→ **Task description**
From the first line to the last, write out the records exactly, leaving out images.

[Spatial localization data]
+--

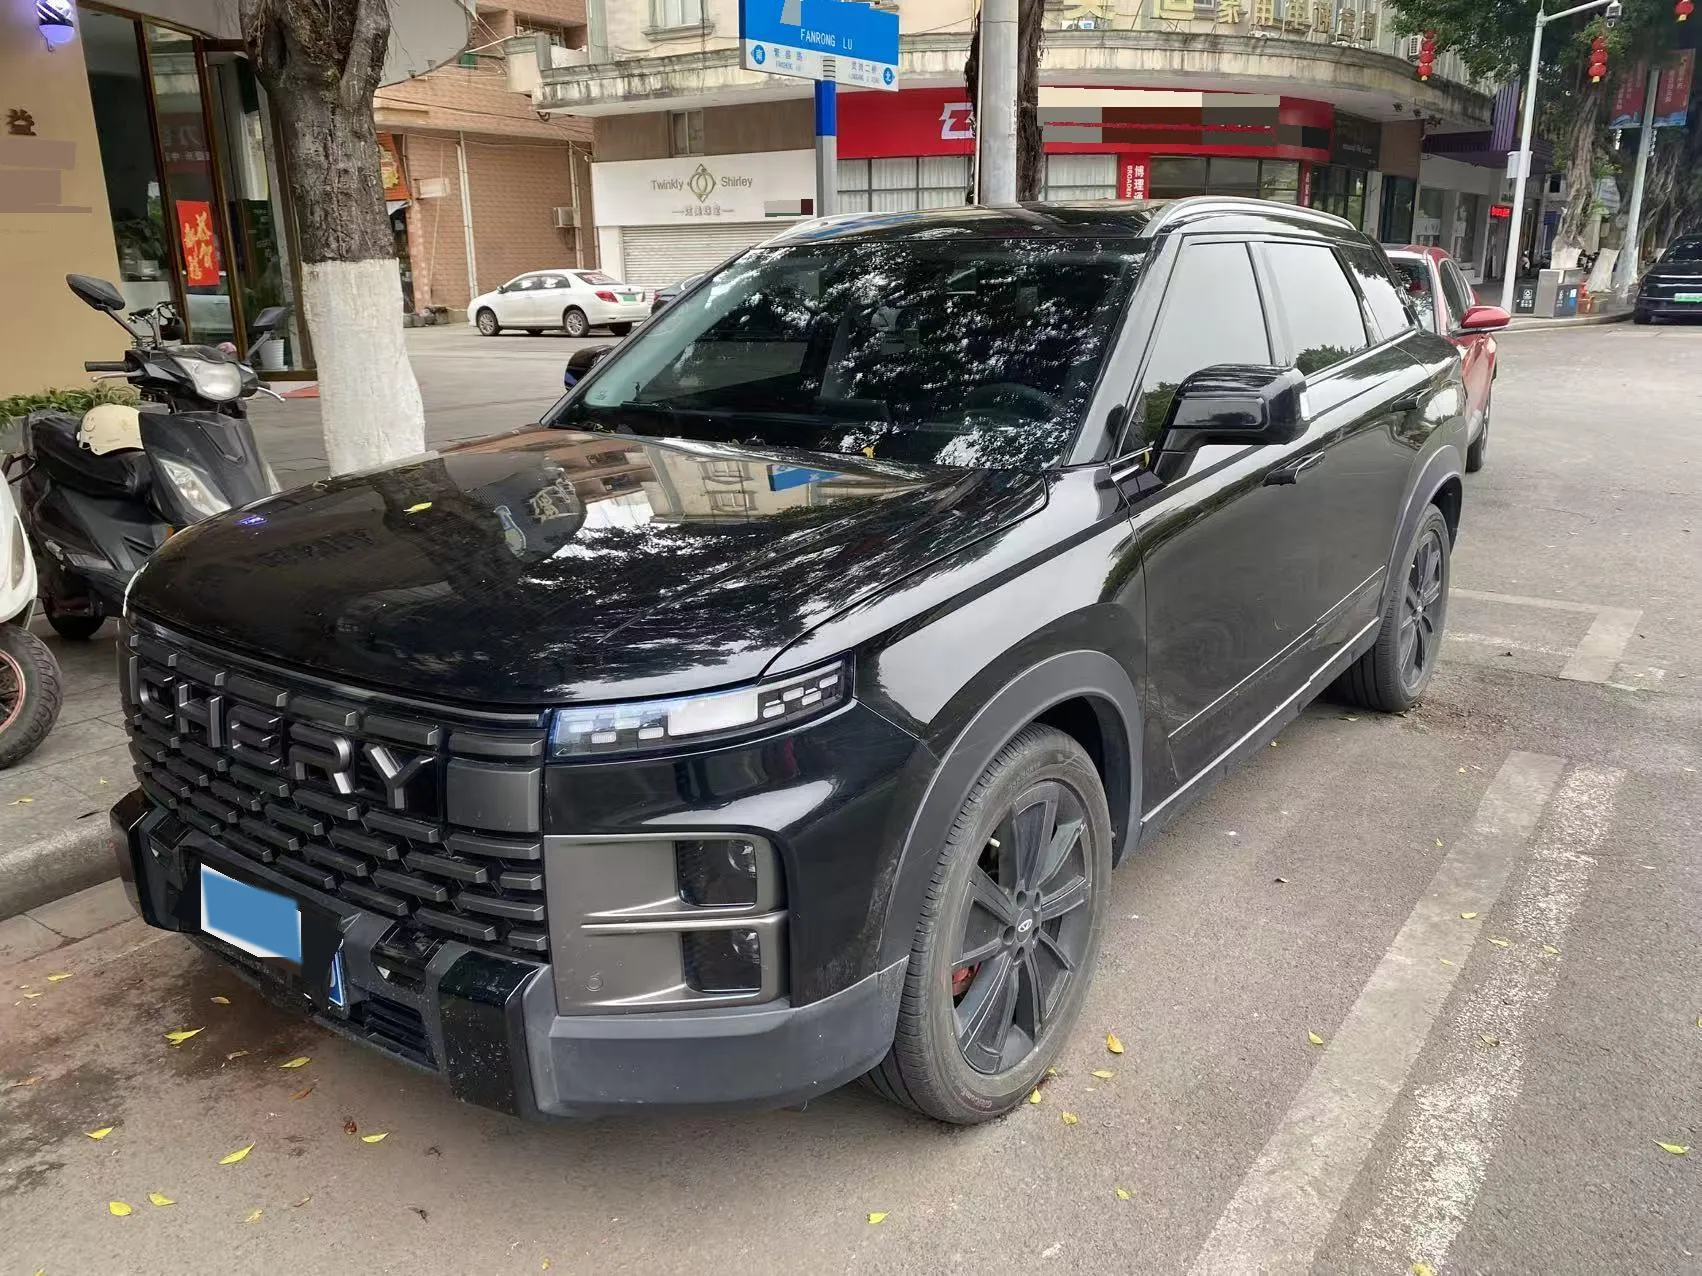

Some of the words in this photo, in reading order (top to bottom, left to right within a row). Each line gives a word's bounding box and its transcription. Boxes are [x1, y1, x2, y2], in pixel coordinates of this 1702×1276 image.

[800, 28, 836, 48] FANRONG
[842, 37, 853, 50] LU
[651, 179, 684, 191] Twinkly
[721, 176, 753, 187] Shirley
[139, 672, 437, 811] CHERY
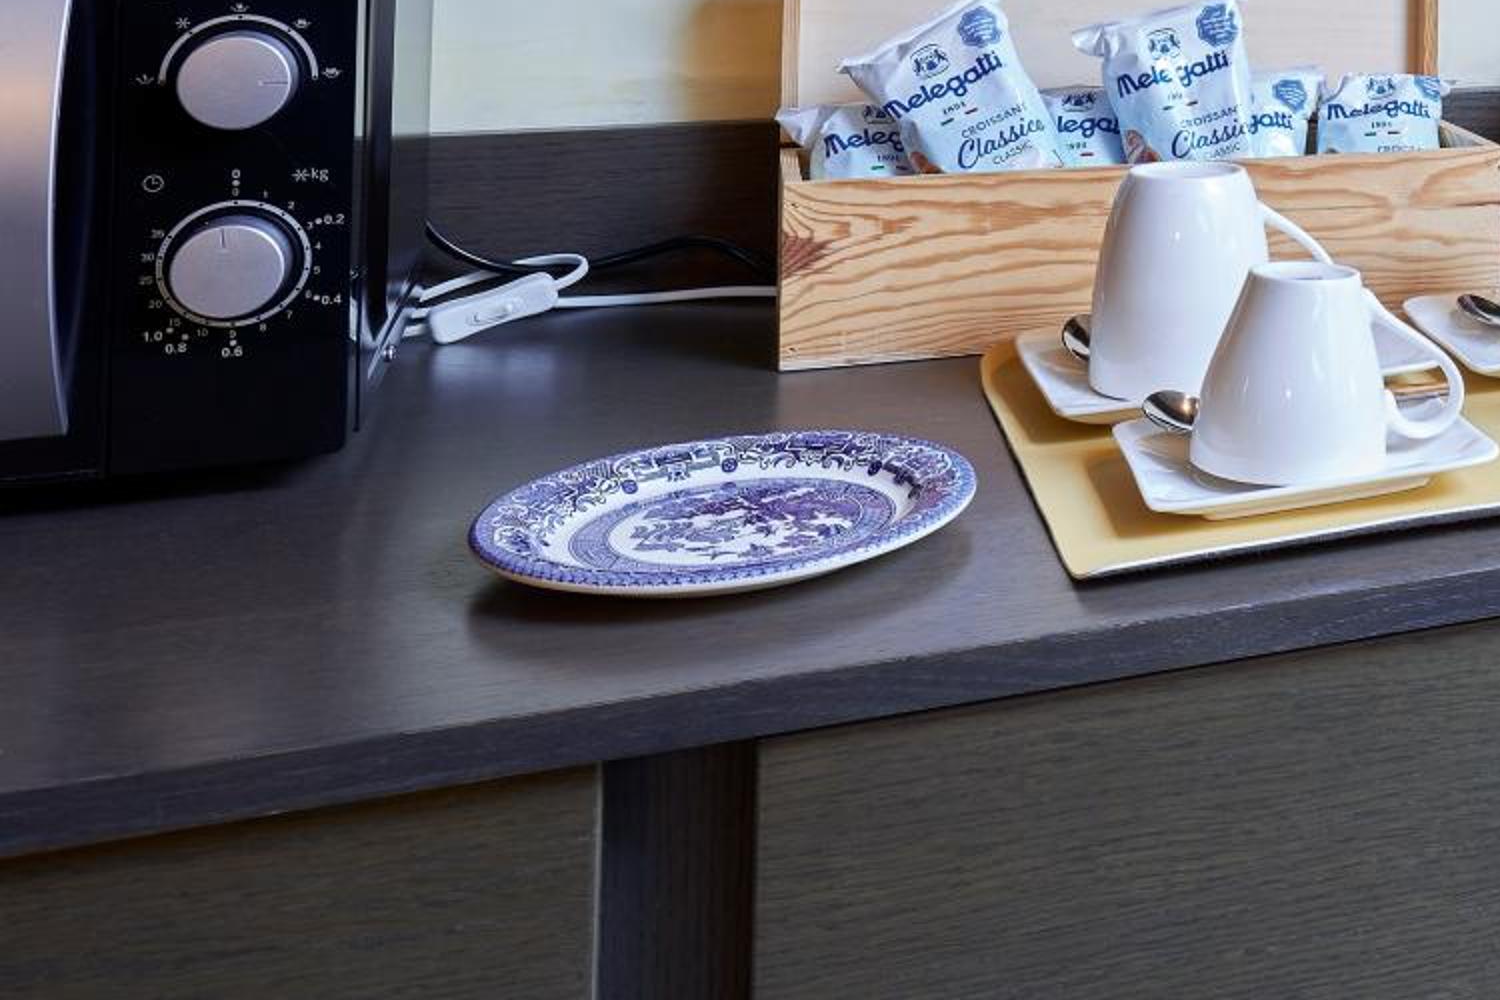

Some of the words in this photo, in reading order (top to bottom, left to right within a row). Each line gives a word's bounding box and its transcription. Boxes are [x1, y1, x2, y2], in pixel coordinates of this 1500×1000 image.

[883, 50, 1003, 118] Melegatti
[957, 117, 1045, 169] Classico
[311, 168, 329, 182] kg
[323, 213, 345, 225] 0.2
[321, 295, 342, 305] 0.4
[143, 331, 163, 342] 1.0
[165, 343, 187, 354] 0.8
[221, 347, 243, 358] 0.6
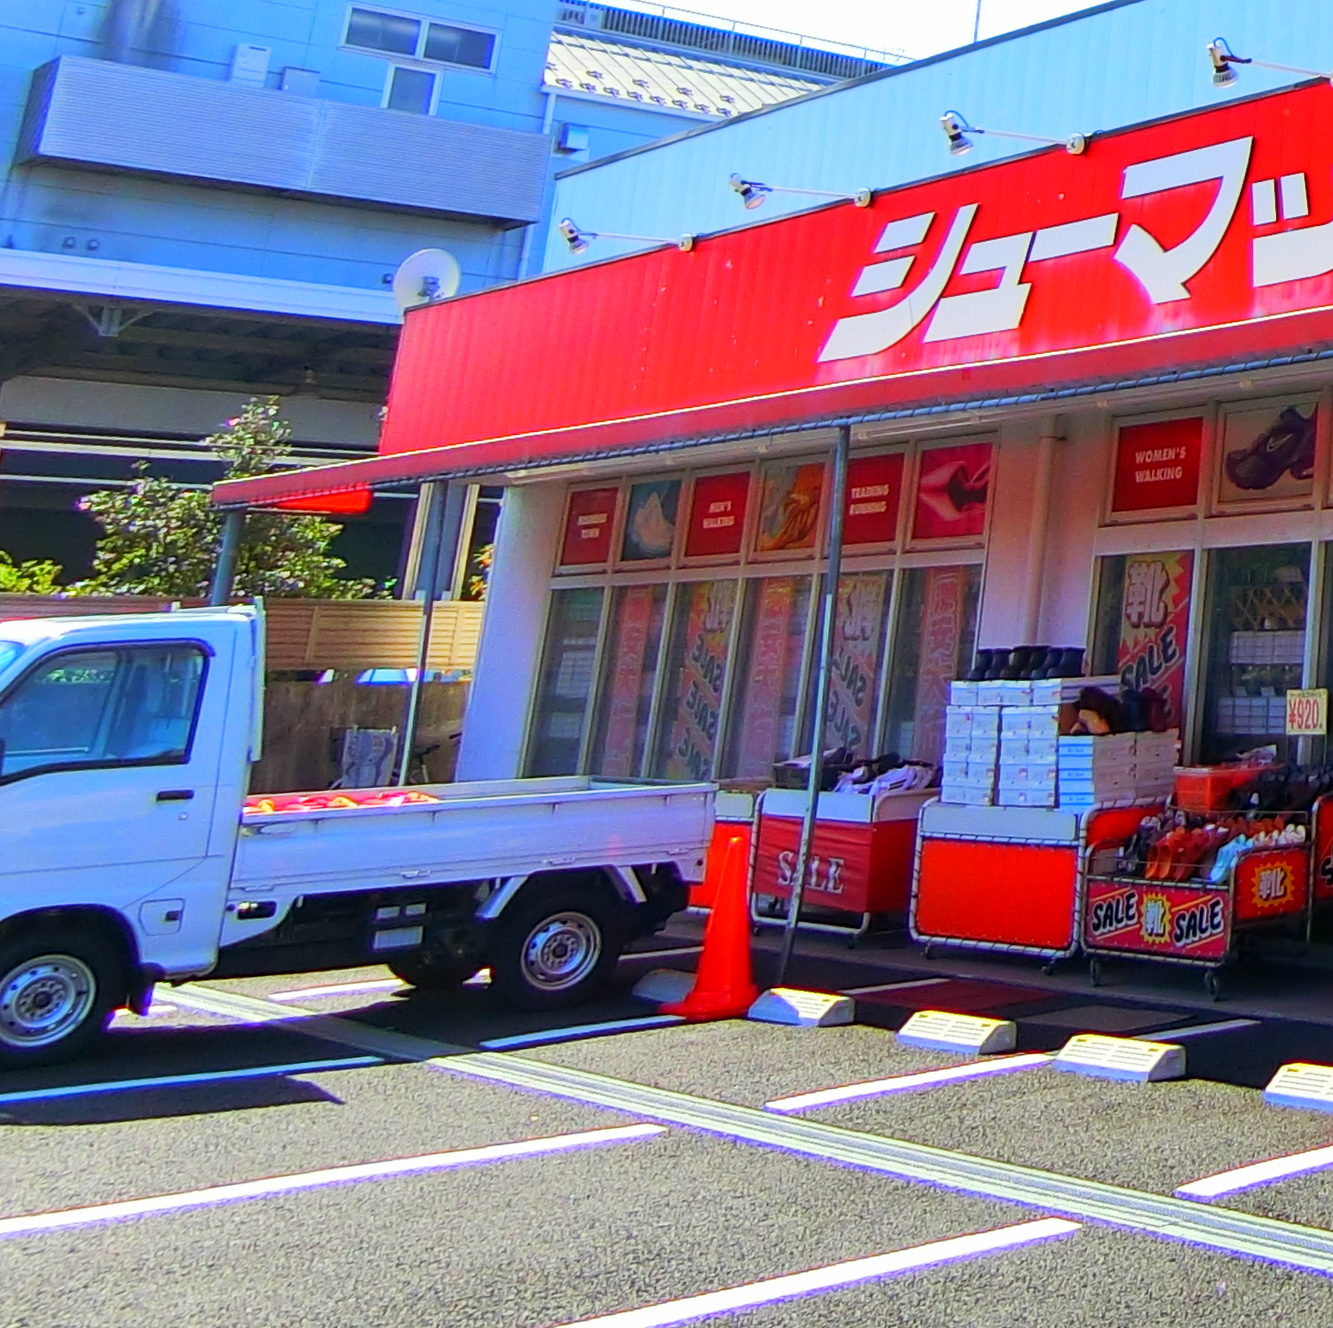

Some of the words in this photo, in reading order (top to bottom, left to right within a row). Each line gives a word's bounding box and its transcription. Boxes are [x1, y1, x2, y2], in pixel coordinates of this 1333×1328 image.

+--

→ **Reply to the exercise**
Some of the words in this photo, in reading order (top to bottom, left to right within a row). Each line gives a word's bounding box and its transcription. Boxes are [x1, y1, x2, y2], in pixel coordinates of this 1702×1276 image.

[800, 28, 836, 48] FANRONG
[842, 37, 853, 50] LU
[651, 179, 684, 191] Twinkly
[721, 176, 753, 187] Shirley
[139, 672, 437, 811] CHERY

Some of the words in this photo, in reading order (top to bottom, left to right within a row). Each line gives a word's bounding box and its transcription. Boxes are [x1, y1, x2, y2], in pixel coordinates of this 1500×1000 image.

[883, 50, 1003, 118] Melegatti
[957, 117, 1045, 169] Classico
[311, 168, 329, 182] kg
[323, 213, 345, 225] 0.2
[321, 295, 342, 305] 0.4
[143, 331, 163, 342] 1.0
[165, 343, 187, 354] 0.8
[221, 347, 243, 358] 0.6

Some of the words in this photo, in reading order (top to bottom, left to right within a row). Each line gives a word's bounding box and its transcription. Boxes are [x1, y1, x2, y2], in pixel coordinates of this 1333×1328 image.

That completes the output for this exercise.